The expected result is the full set of records, copied precisely, with images dropped.

Records shown: Begin

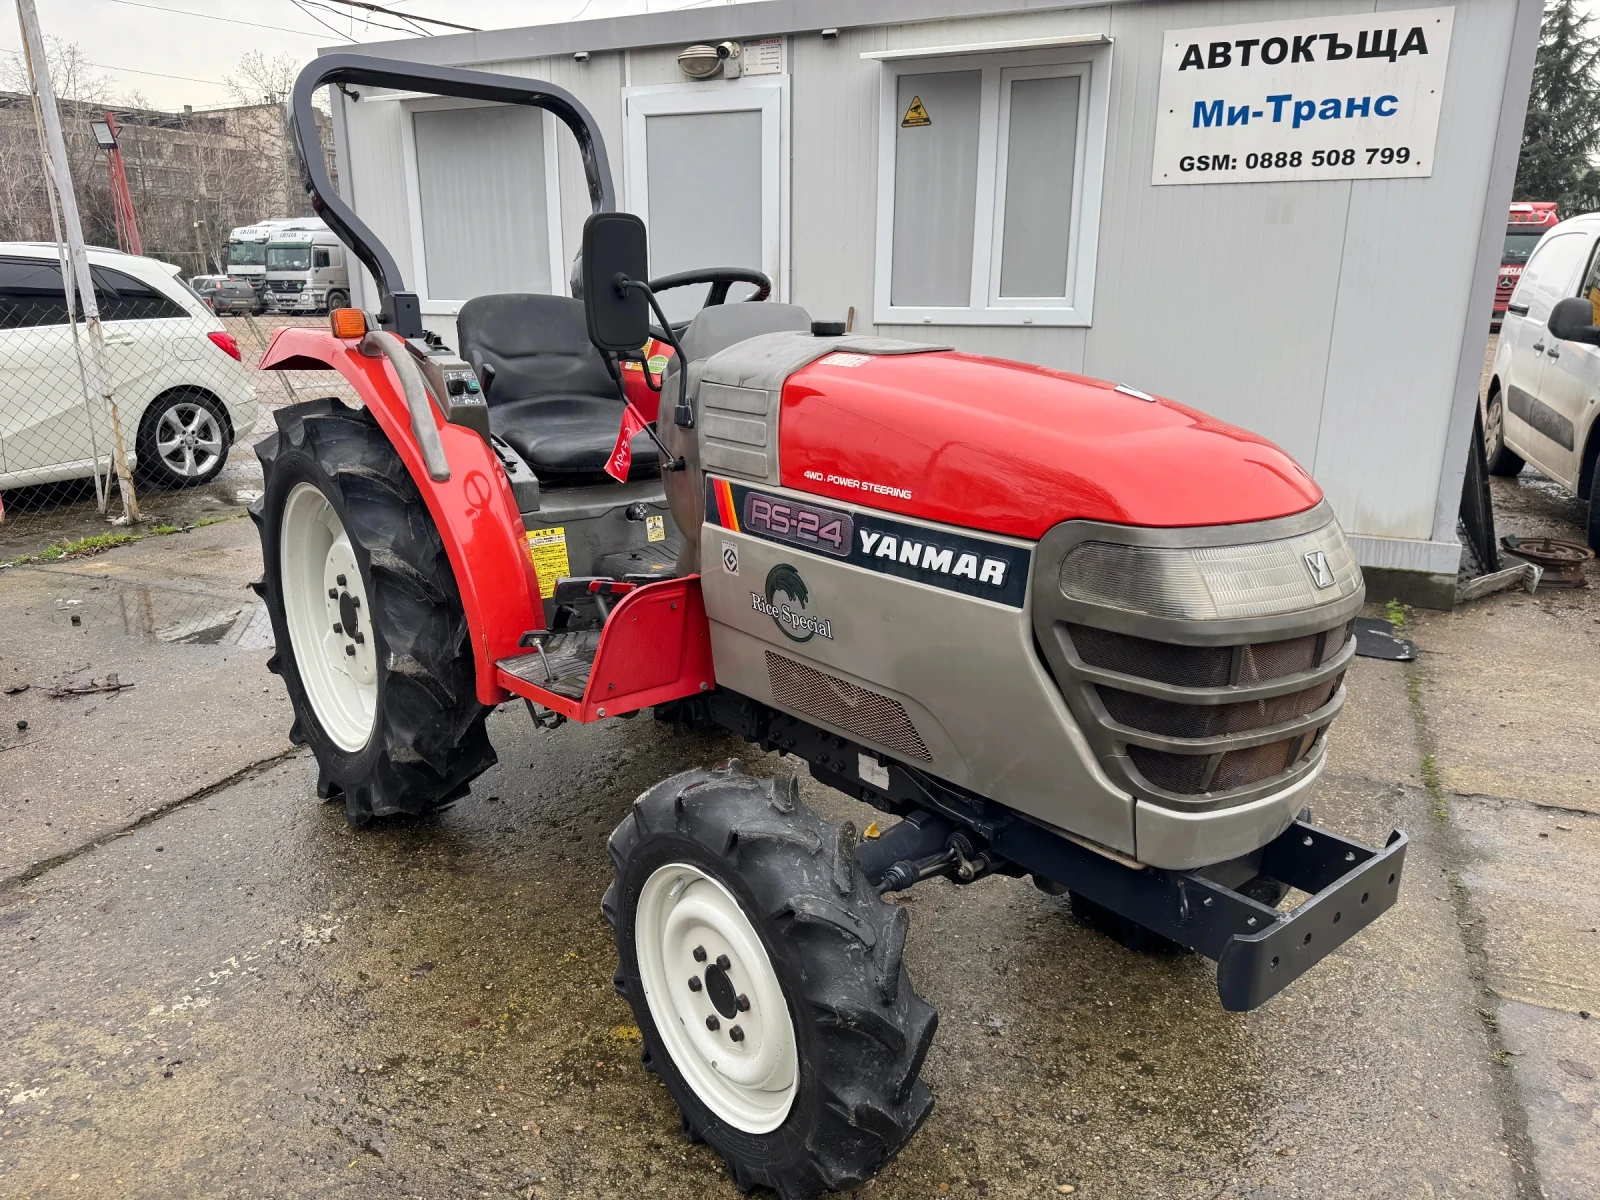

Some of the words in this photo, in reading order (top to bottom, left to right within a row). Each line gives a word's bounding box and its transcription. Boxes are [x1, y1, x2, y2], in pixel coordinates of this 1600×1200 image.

[1178, 26, 1429, 71] АВТОКЪЩА
[1192, 94, 1399, 129] Ми-Транс
[1179, 154, 1237, 172] GSM:
[1245, 151, 1303, 169] 0888
[1311, 149, 1356, 167] 508
[1365, 146, 1411, 165] 799
[827, 474, 860, 489] POWER
[861, 481, 912, 500] STEERING
[751, 498, 842, 549] RS-24
[859, 530, 1007, 586] YANMAR
[750, 592, 780, 618] Rice
[781, 603, 833, 639] Special
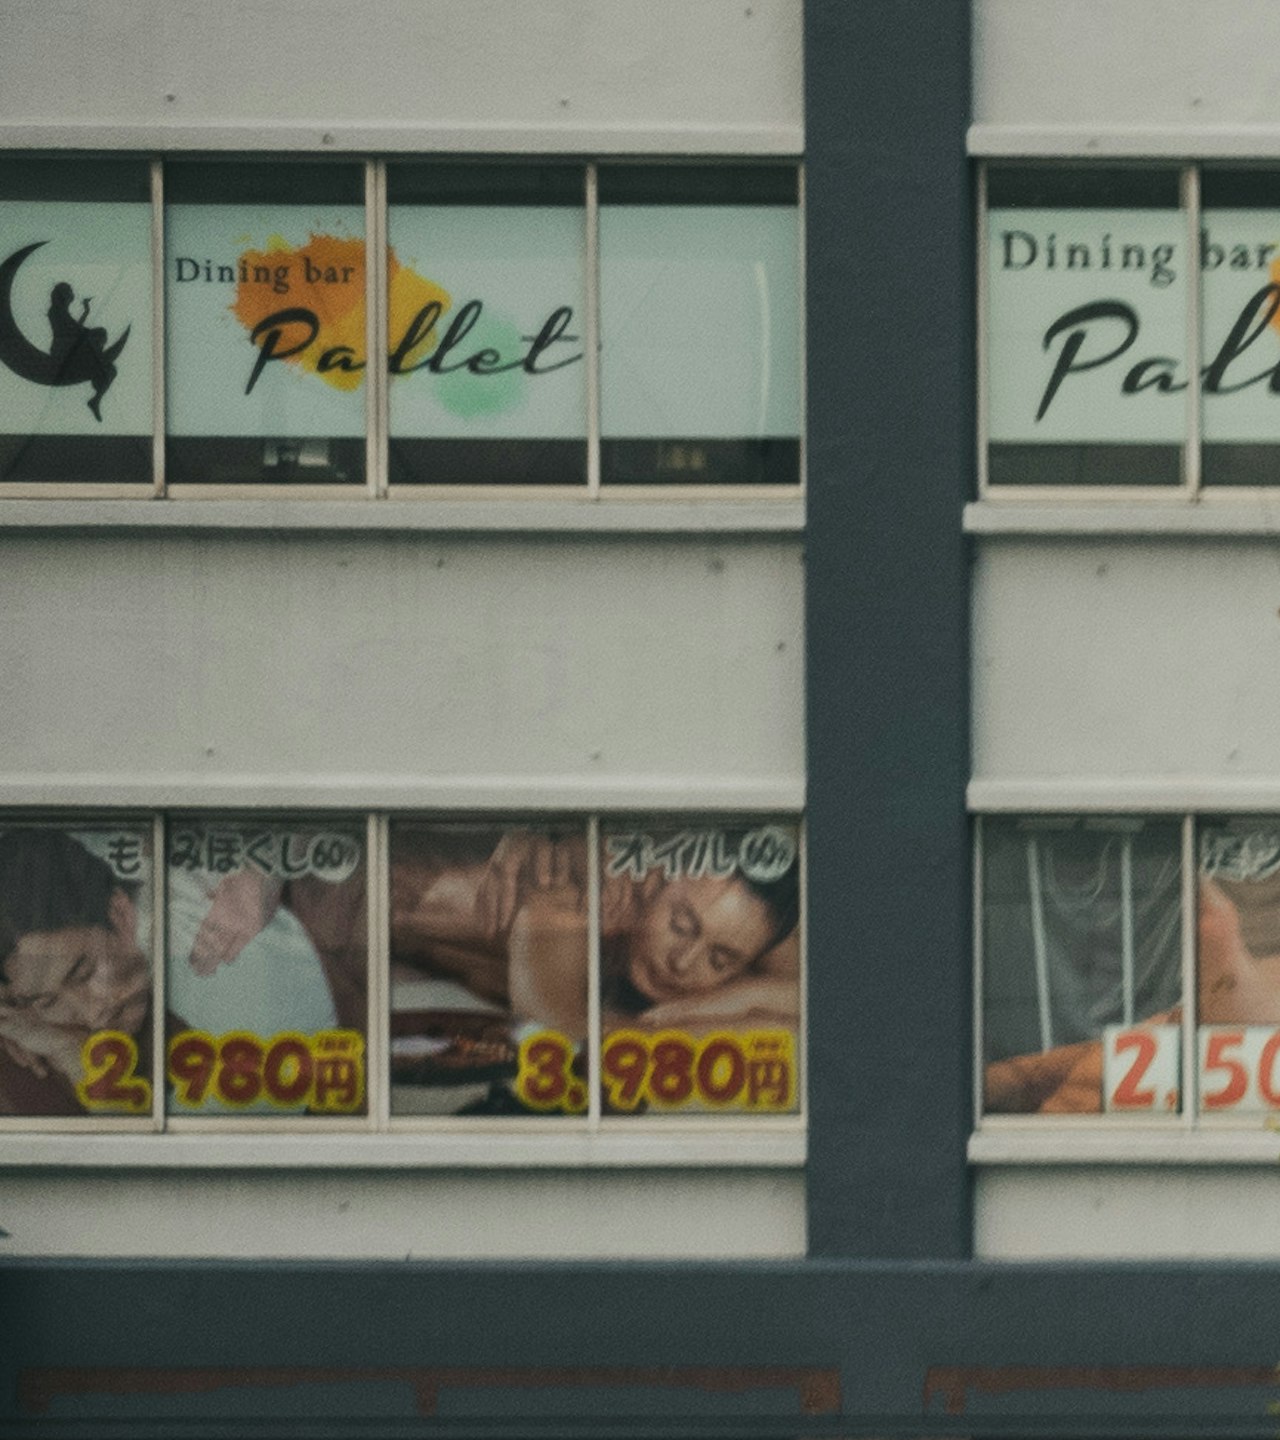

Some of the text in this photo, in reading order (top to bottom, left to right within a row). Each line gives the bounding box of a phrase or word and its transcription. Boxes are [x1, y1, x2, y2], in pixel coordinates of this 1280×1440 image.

Records shown: End

**Response below:**
Some of the words in this photo, in reading order (top to bottom, left to right within a row). Each line gives a word's bounding box and its transcription. Boxes are [x1, y1, x2, y2], in pixel coordinates of this 1600×1200 image.

[1178, 26, 1429, 71] АВТОКЪЩА
[1192, 94, 1399, 129] Ми-Транс
[1179, 154, 1237, 172] GSM:
[1245, 151, 1303, 169] 0888
[1311, 149, 1356, 167] 508
[1365, 146, 1411, 165] 799
[827, 474, 860, 489] POWER
[861, 481, 912, 500] STEERING
[751, 498, 842, 549] RS-24
[859, 530, 1007, 586] YANMAR
[750, 592, 780, 618] Rice
[781, 603, 833, 639] Special

Some of the text in this photo, in reading order (top to bottom, left to right within a row). Each line gives the bounding box of a phrase or word and its transcription. Boxes are [x1, y1, x2, y2], in pixel coordinates of this 1280×1440 image.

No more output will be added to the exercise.